- **Problem description**:
All lines below are to be transcribed exactly.

- **Records shown**:
◇ ◇ ◇ ◇ ◇

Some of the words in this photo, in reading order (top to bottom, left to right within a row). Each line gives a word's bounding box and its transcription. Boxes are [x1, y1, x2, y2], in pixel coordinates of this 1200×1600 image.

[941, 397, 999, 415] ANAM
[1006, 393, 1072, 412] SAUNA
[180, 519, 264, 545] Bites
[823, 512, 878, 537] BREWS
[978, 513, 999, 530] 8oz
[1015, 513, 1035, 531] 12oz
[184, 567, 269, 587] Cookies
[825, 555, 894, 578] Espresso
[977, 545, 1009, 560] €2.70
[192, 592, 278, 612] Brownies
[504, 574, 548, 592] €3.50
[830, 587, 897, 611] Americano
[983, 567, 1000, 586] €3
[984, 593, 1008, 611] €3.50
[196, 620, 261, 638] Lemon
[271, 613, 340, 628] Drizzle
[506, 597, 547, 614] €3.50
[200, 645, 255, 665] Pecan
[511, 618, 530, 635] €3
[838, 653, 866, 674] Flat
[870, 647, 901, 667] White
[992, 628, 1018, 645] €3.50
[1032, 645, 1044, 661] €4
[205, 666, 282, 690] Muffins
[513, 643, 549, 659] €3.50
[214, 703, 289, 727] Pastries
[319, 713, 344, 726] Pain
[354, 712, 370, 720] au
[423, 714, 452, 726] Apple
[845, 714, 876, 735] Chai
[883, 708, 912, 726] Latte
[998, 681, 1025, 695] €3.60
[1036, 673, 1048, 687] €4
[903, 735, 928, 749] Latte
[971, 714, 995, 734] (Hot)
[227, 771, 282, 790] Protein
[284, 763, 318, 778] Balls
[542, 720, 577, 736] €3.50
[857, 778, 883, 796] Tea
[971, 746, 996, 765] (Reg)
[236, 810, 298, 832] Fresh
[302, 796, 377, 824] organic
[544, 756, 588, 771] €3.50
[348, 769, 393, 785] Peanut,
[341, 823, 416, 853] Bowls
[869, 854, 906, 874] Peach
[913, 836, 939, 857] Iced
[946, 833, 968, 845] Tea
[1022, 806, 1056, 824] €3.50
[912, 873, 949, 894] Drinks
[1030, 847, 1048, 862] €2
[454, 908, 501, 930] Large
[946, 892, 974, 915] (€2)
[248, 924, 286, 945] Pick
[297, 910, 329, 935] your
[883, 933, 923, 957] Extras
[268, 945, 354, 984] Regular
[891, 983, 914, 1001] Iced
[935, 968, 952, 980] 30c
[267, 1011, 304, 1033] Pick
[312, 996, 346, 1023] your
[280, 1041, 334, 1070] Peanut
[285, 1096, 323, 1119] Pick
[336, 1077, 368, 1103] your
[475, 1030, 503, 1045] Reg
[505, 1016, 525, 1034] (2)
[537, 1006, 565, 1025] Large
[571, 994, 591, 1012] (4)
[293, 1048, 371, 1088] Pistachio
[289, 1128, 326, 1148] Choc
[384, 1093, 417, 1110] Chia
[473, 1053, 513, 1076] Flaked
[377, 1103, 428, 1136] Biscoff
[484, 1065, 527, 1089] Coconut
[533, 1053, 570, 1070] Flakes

◇ ◇ ◇ ◇ ◇

- **Written solution**:
Some of the words in this photo, in reading order (top to bottom, left to right within a row). Each line gives a word's bounding box and its transcription. Boxes are [x1, y1, x2, y2], in pixel coordinates of this 1200×1600 image.

[941, 397, 999, 415] ANAM
[1006, 393, 1072, 412] SAUNA
[180, 519, 264, 545] Bites
[823, 512, 878, 537] BREWS
[978, 513, 999, 530] 8oz
[1015, 513, 1035, 531] 12oz
[184, 567, 269, 587] Cookies
[825, 555, 894, 578] Espresso
[977, 545, 1009, 560] €2.70
[192, 592, 278, 612] Brownies
[504, 574, 548, 592] €3.50
[830, 587, 897, 611] Americano
[983, 567, 1000, 586] €3
[984, 593, 1008, 611] €3.50
[196, 620, 261, 638] Lemon
[271, 613, 340, 628] Drizzle
[506, 597, 547, 614] €3.50
[200, 645, 255, 665] Pecan
[511, 618, 530, 635] €3
[838, 653, 866, 674] Flat
[870, 647, 901, 667] White
[992, 628, 1018, 645] €3.50
[1032, 645, 1044, 661] €4
[205, 666, 282, 690] Muffins
[513, 643, 549, 659] €3.50
[214, 703, 289, 727] Pastries
[319, 713, 344, 726] Pain
[354, 712, 370, 720] au
[423, 714, 452, 726] Apple
[845, 714, 876, 735] Chai
[883, 708, 912, 726] Latte
[998, 681, 1025, 695] €3.60
[1036, 673, 1048, 687] €4
[903, 735, 928, 749] Latte
[971, 714, 995, 734] (Hot)
[227, 771, 282, 790] Protein
[284, 763, 318, 778] Balls
[542, 720, 577, 736] €3.50
[857, 778, 883, 796] Tea
[971, 746, 996, 765] (Reg)
[236, 810, 298, 832] Fresh
[302, 796, 377, 824] organic
[544, 756, 588, 771] €3.50
[348, 769, 393, 785] Peanut,
[341, 823, 416, 853] Bowls
[869, 854, 906, 874] Peach
[913, 836, 939, 857] Iced
[946, 833, 968, 845] Tea
[1022, 806, 1056, 824] €3.50
[912, 873, 949, 894] Drinks
[1030, 847, 1048, 862] €2
[454, 908, 501, 930] Large
[946, 892, 974, 915] (€2)
[248, 924, 286, 945] Pick
[297, 910, 329, 935] your
[883, 933, 923, 957] Extras
[268, 945, 354, 984] Regular
[891, 983, 914, 1001] Iced
[935, 968, 952, 980] 30c
[267, 1011, 304, 1033] Pick
[312, 996, 346, 1023] your
[280, 1041, 334, 1070] Peanut
[285, 1096, 323, 1119] Pick
[336, 1077, 368, 1103] your
[475, 1030, 503, 1045] Reg
[505, 1016, 525, 1034] (2)
[537, 1006, 565, 1025] Large
[571, 994, 591, 1012] (4)
[293, 1048, 371, 1088] Pistachio
[289, 1128, 326, 1148] Choc
[384, 1093, 417, 1110] Chia
[473, 1053, 513, 1076] Flaked
[377, 1103, 428, 1136] Biscoff
[484, 1065, 527, 1089] Coconut
[533, 1053, 570, 1070] Flakes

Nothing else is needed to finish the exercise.